Même s’il affiche déjà 274 000 followers sur Instagram, s’il a déjà publié une quinzaine d’ouvrages, s’il enchaîne les chroniques sur France Inter, Baptiste Beaulieu se tient loin du starsystem. « C’est très important pour moi de faire la différence, je veux que les patients viennent me voir parce que je suis un bon médecin et non parce qu’ils ont lu mes livres ou m’ont vu à la télévision. Écrire est une partie de ma vie qui ne doit pas interférer dans ma vie professionnelle. Le plus important, c’est le patient, ce n’est pas moi. » Tout est dit…

Évidemment que la salle d’attente du médecin généraliste est pleine à craquer, quelque part à Toulouse (Haute-Garonne), mais on ne vous dévoilera pas l’adresse de Baptiste Beaulieu. Il tient à préserver son anonymat. Évidemment que certains patients savent qu’il est devenu un écrivain célèbre mais « peu importe, si on m’en parle – trop –, je sais mettre les barrières là où il faut », souligne Baptiste Beaulieu.

Les patients viennent le rencontrer parce qu’il a un sens aiguisé et inné de l’écoute, une bienveillance hors norme. C’est un médecin qui sait prendre le temps. Il n’entend pas réformer notre système de santé mais souhaite l’améliorer à son niveau. « Les patients vieillissent, ils ont de plus en plus besoin de médecins. Notre système est sous pression. La situation s’est dégradée au fil des années. Dans les années 80, le temps de consultation chez le généraliste était de 20 minutes, aujourd’hui on est à six minutes par patient. C’est le reflet de notre société. »

Baptiste Beaulieu avoue qu’il se sent démuni face à cette situation. « Je ne veux pas d’une médecine à deux vitesses. Tout ce que je peux faire, c’est écouter, accueillir les gens dans mon cabinet, je fais pour le mieux. » Si l’homme porte un discours militant, il se garde bien de tout engagement politique. « Non, ce n’est pas pour moi, il n’y a que des coups à prendre, je garde ces idées au fond de moi et c’est bien comme ça. »

Que dit Baptiste Beaulieu ?

Le généraliste a toujours considéré qu’il était au service des gens : « un médecin rentre dans l’intimité des familles, les gens nous font confiance. » Le Toulousain a commencé à écrire ce qu’il voyait lors de ses gardes aux urgences pour sauvegarder la mémoire. Il a d’abord consigné ses écrits sur un blog, ouvert en 2012. « Je voyais tellement de choses bouleversantes, de drames humains, j’avais l’impression que les soignants arrivaient à tout supporter et à tourner la page. »
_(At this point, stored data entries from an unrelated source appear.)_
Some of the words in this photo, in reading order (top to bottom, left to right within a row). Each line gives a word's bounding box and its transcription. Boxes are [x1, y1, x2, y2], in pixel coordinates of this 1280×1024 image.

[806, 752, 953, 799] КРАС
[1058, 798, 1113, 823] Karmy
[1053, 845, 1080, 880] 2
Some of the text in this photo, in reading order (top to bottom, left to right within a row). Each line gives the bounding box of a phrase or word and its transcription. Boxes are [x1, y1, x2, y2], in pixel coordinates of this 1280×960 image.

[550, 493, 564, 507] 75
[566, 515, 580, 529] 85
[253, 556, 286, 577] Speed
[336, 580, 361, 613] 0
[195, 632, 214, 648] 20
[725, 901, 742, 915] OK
Le médecin hypersensible a été repéré par le journal Le Monde qui s’est intéressé à ses écrits en ligne, sans le contacter, sans lui en parler. « Du jour au lendemain, je suis passé de quelques lecteurs sur mon blog à 300 000. C’était incroyable ! Et là, tout s’est enchaîné… » L’humaniste est passé de l’ombre à la lumière, les maisons d’édition ont commencé à le solliciter.

Il a publié son premier livre, Alors Voilà, du nom de son blog. En toute simplicité et avec beaucoup d’humanité, Baptiste Beaulieu relate les anecdotes racontées par ses patients. Il parle aussi de maltraitance médicale, de la cause LGBT, des femmes, du sexisme, de la lutte contre la grossophobie, des clichés, du regard des autres, de la santé des soignants qui savent si bien prendre soin des autres et s’oublient parfois, de l’homoparentalité, de son bébé de quelques mois…
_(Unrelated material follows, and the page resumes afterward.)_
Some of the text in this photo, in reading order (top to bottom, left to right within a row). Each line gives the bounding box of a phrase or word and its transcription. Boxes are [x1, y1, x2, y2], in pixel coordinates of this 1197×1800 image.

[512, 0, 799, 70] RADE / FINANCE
Il répond à ses followers sur Instagram au milieu de la nuit, lorsqu’il vient de donner le dernier biberon, il partage ses expériences de jeune papa. « Je partage, je ne fais pas la morale. »
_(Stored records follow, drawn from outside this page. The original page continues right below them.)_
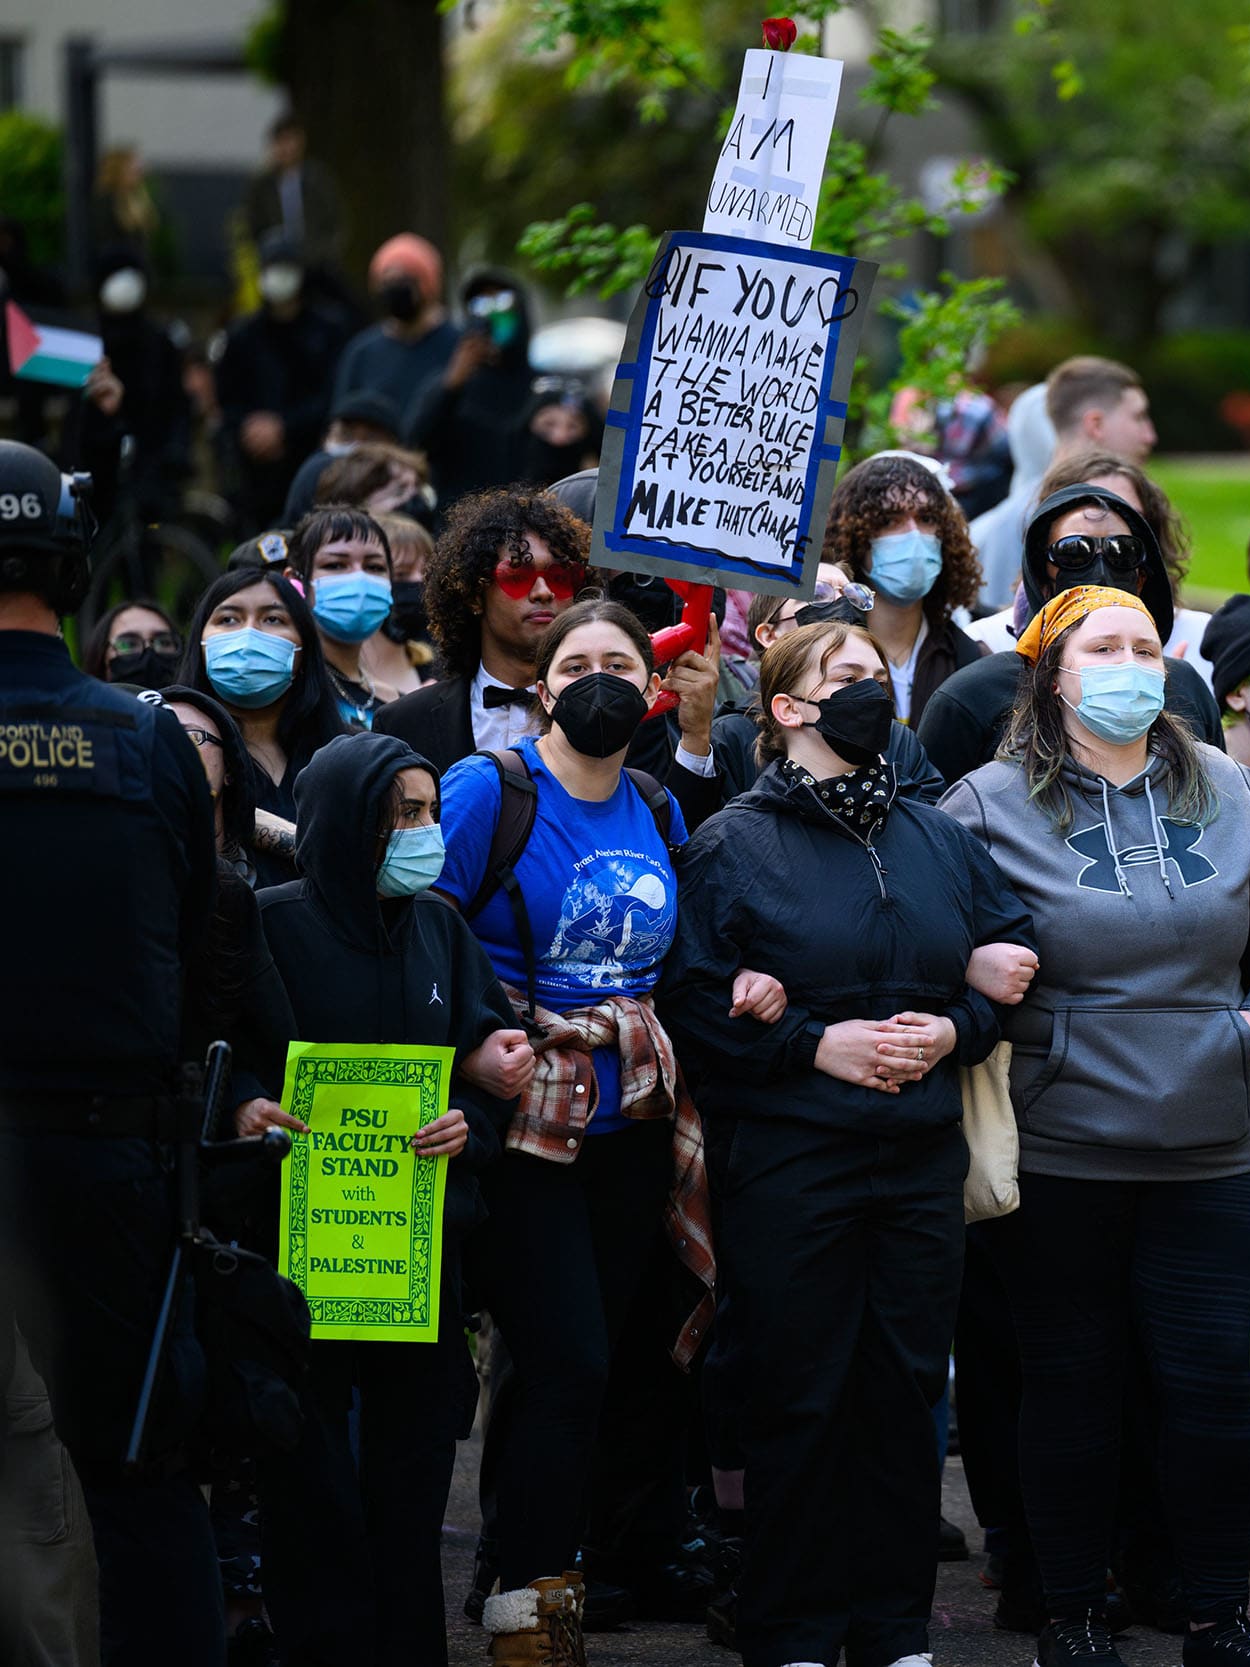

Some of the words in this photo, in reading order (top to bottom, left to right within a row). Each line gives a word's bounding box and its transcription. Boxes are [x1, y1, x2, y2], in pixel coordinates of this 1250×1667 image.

[762, 55, 774, 100] I
[722, 113, 795, 172] AM
[708, 181, 813, 241] UNARMED
[670, 254, 726, 309] IF
[732, 264, 815, 328] YOU
[658, 308, 750, 366] WANNA
[752, 329, 824, 382] MAKE
[652, 356, 731, 396] THE
[741, 369, 819, 413] WORLD
[644, 390, 662, 418] A
[677, 390, 754, 433] BETTER
[759, 411, 815, 452] PLACE
[640, 449, 679, 473] AT
[735, 439, 800, 472] LOOK
[0, 493, 42, 520] 96
[624, 479, 711, 530] MAKE
[340, 1108, 389, 1129] PSU
[311, 1131, 415, 1154] FACULTY
[321, 1157, 399, 1178] STAND
[342, 1185, 376, 1202] with
[310, 1209, 407, 1227] STUDENTS
[351, 1234, 365, 1250] &
[309, 1257, 406, 1276] PALESTINE
Doit-on dire médecin ou écrivain ?

Ou peut-être l’inverse ou les deux, à égalité… « J’ai accompli mon rêve d’enfant, s’enthousiasme l’intéressé. J’ai choisi deux métiers. J’ai fait un bac scientifique et postulé à une prépa littéraire tout en ayant envie de m’inscrire en médecine. » L’écriture pour Baptiste Beaulieu est une soupape, une liberté qu’il s’offre entre deux patients, la nuit, au petit matin… Il ne travaille pas à la commande.

Les éditeurs lui font confiance. « Je raconte, je défends des valeurs. Je sers de portevoix à tous ceux qui ne sont pas assez visibles. Il faut réfléchir sur la façon dont on soigne aujourd’hui, comment on peut améliorer la situation. Je veux essayer de faire bouger les lignes en permettant aux gens de s’exprimer. »

L’auteur cultive la discrétion mais un écrivain peut-il se passer de promotion ? Bonne question, répond Baptiste Beaulieu. « Je ne refuse pas, mais je ne ferai jamais passer la promotion avant le reste, je pars du principe que si le livre est bon, il n’a pas besoin d’exposition médiatique. » Il s’étonne d’ailleurs toujours de voir autant de monde lorsqu’il présente son livre en librairie (NDLR : il sera le 18 novembre 2023 à Ombres Blanches à Toulouse).

Baptiste Beaulieu déborde d’énergie, les projets ne manquent pas, le premier est de se consacrer à « 200% à sa parentalité », d’écrire encore et toujours. « Si on peut permettre aux gens de s’évader, sans demander la carte vitale, alors j’aurai accompli ma mission. »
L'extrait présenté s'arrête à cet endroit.